• Collected data:
========================================

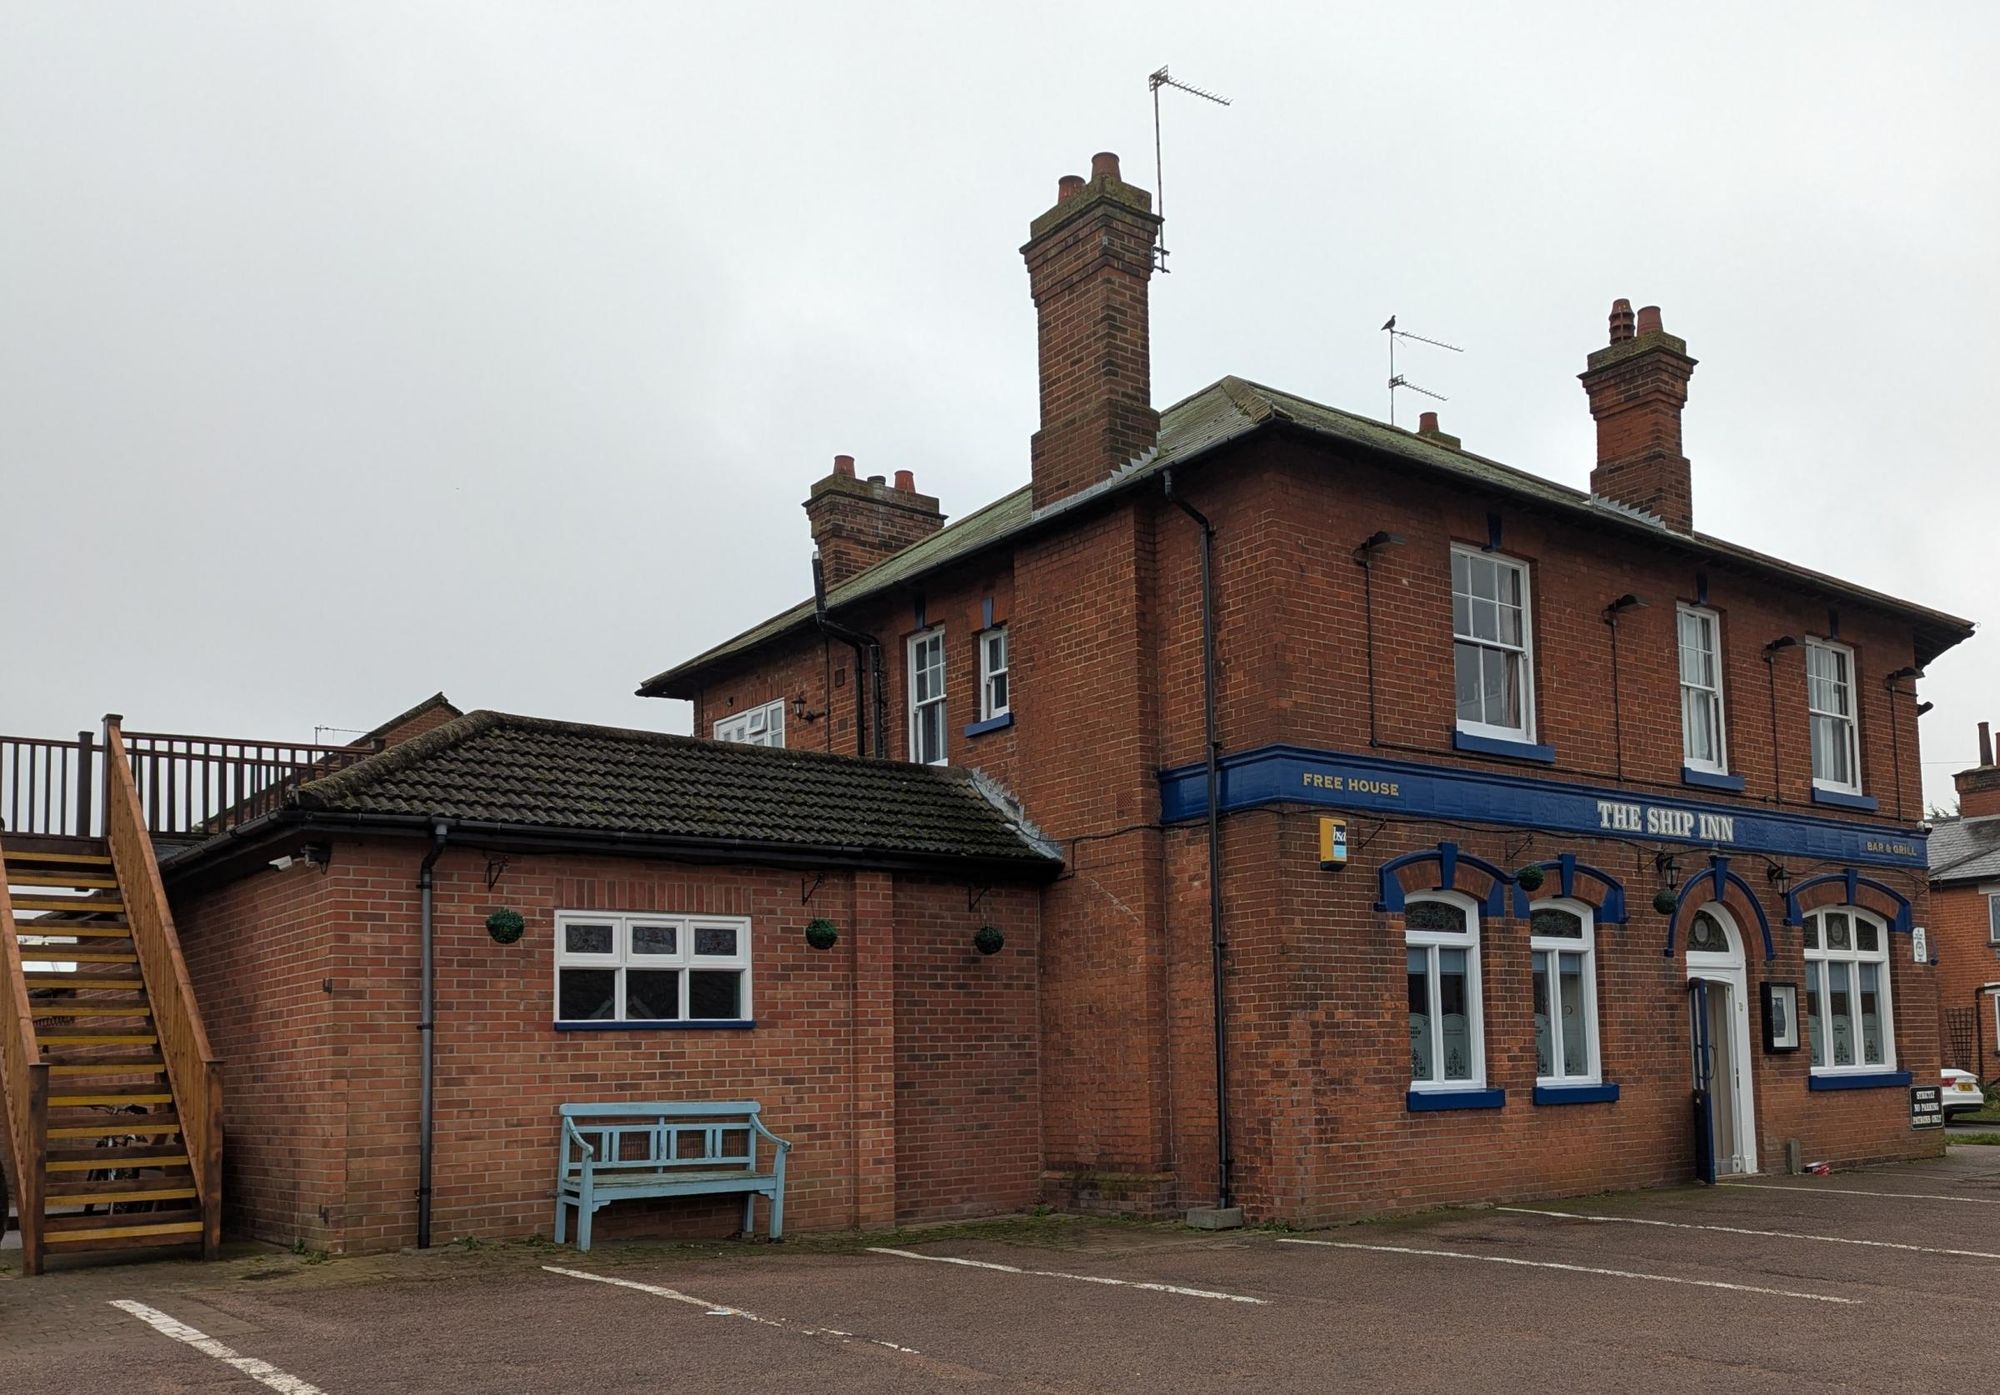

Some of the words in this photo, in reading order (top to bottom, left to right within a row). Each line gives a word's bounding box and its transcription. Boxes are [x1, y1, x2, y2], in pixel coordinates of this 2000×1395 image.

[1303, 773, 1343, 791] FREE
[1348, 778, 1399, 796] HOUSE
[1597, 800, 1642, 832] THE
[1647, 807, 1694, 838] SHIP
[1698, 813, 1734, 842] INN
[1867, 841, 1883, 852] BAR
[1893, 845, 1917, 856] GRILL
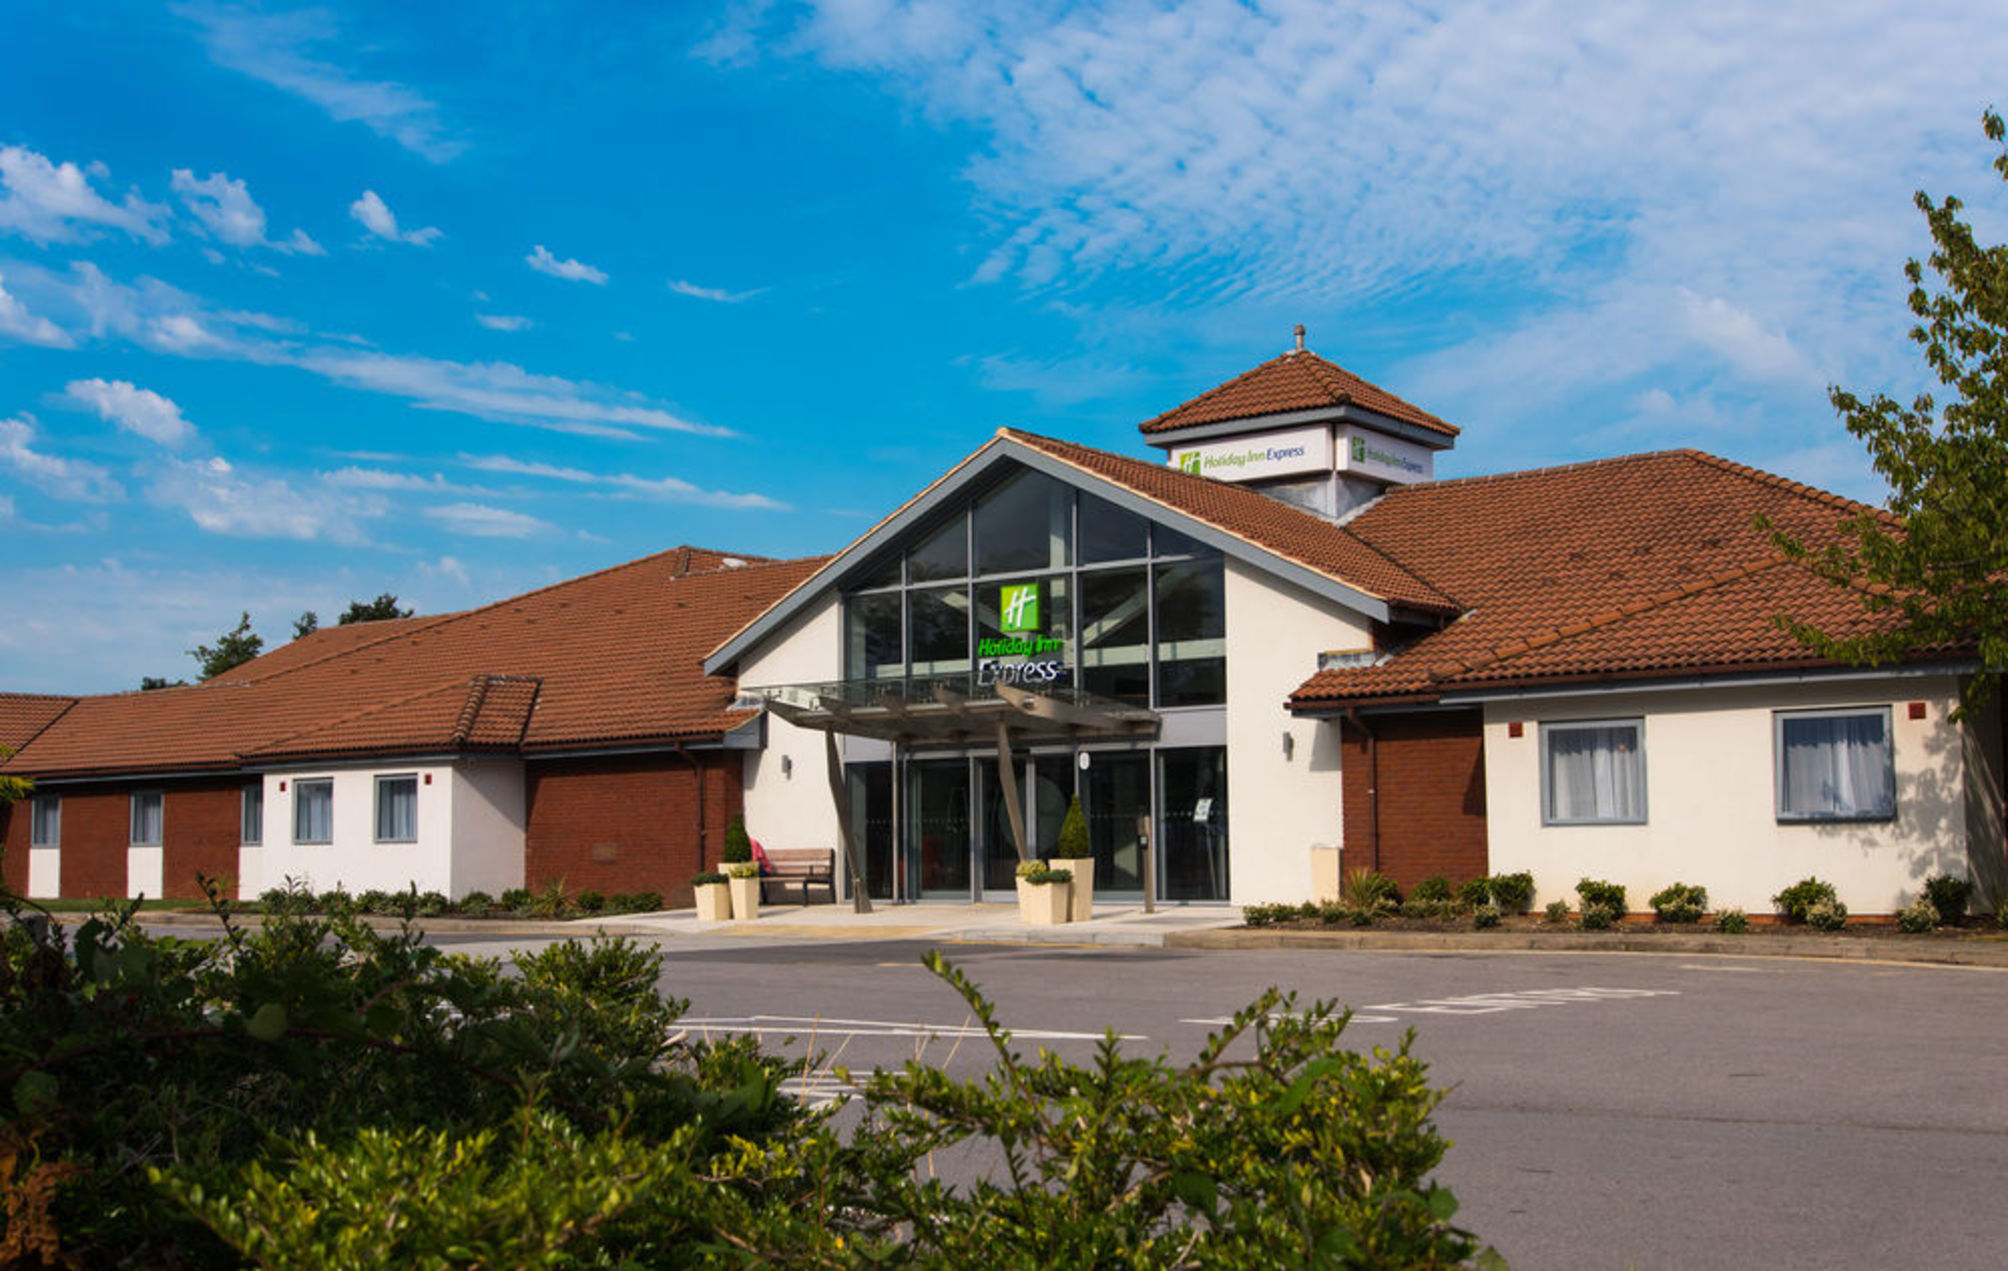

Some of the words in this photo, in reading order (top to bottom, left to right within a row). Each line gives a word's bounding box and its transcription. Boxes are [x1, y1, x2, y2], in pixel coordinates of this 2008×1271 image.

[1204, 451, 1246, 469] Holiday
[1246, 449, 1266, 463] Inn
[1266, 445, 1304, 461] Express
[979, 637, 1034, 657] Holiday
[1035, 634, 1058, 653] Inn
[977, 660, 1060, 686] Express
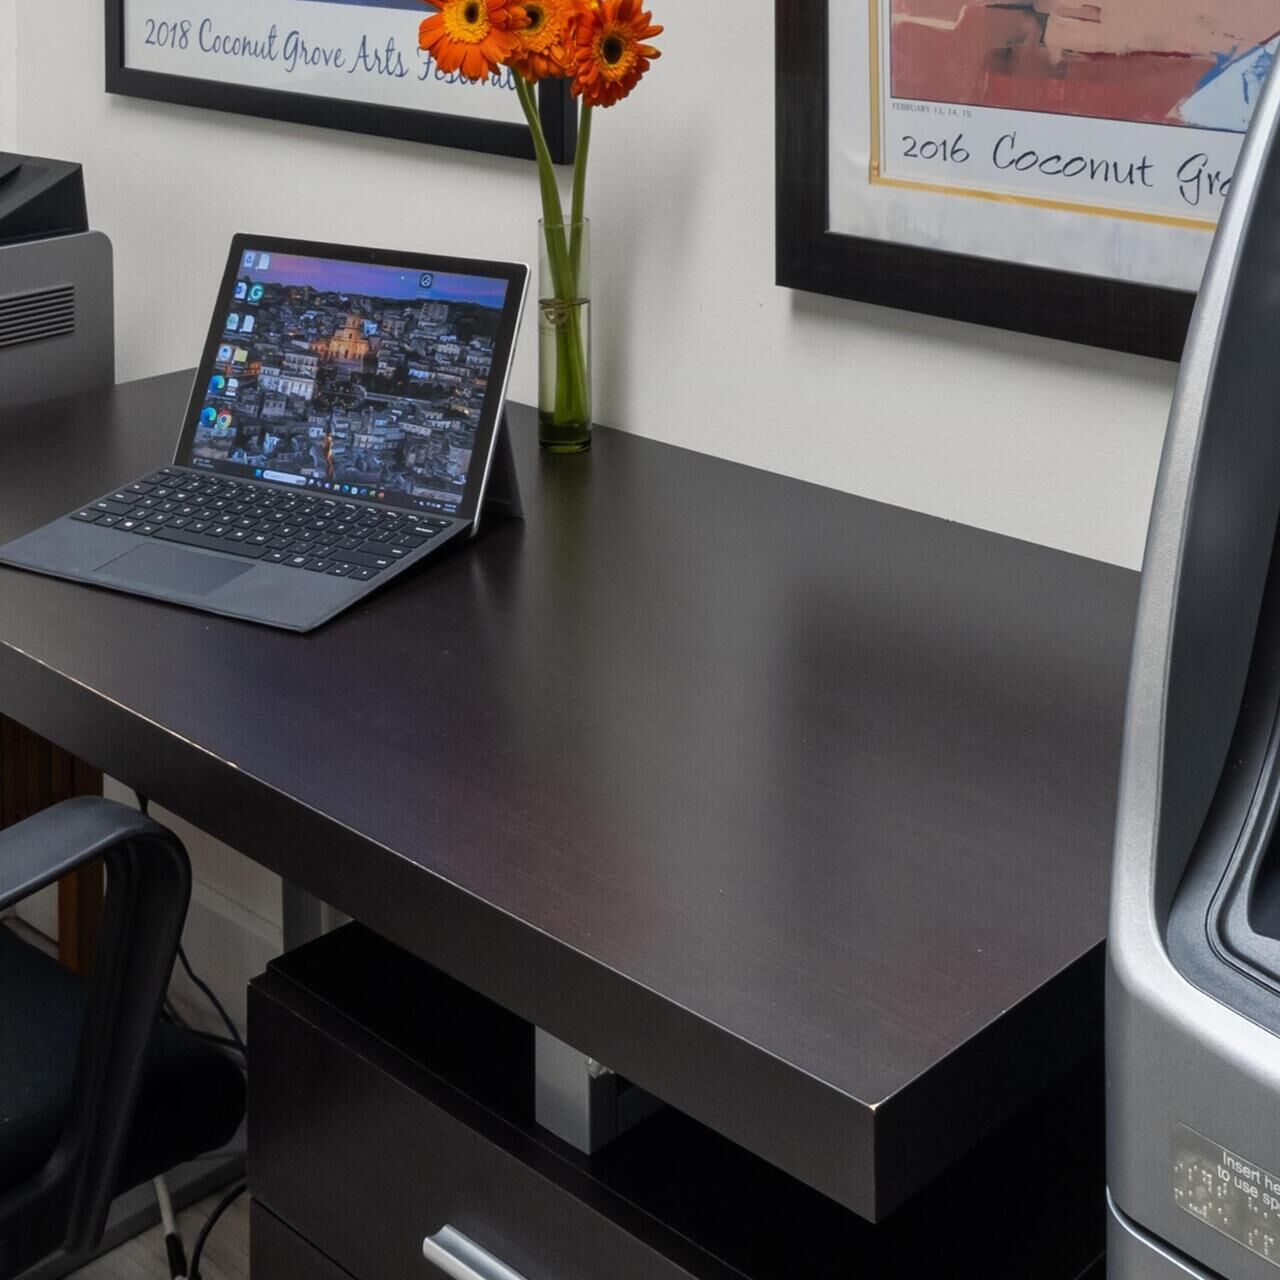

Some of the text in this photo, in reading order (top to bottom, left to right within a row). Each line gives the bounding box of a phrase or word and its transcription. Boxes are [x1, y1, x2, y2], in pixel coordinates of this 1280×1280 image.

========================================

• What is needed:
Set down the lines of the records above exactly, apart from the pictures.

• Expected answer:
Some of the words in this photo, in reading order (top to bottom, left to right within a row). Each line gives a word's bounding box and its transcription. Boxes are [x1, y1, x2, y2], in pixel coordinates of this 2000×1395 image.

[1303, 773, 1343, 791] FREE
[1348, 778, 1399, 796] HOUSE
[1597, 800, 1642, 832] THE
[1647, 807, 1694, 838] SHIP
[1698, 813, 1734, 842] INN
[1867, 841, 1883, 852] BAR
[1893, 845, 1917, 856] GRILL

Some of the words in this photo, in reading order (top to bottom, left to right within a row). Each line gives a word's bounding box and its transcription. Boxes are [x1, y1, x2, y2], in pixel coordinates of this 2008×1271 image.

[1204, 451, 1246, 469] Holiday
[1246, 449, 1266, 463] Inn
[1266, 445, 1304, 461] Express
[979, 637, 1034, 657] Holiday
[1035, 634, 1058, 653] Inn
[977, 660, 1060, 686] Express

Some of the text in this photo, in reading order (top to bottom, left to right within a row). Each line gives the bounding box of a phrase or word and its transcription. Boxes are [x1, y1, x2, y2], in pixel coordinates of this 1280×1280 image.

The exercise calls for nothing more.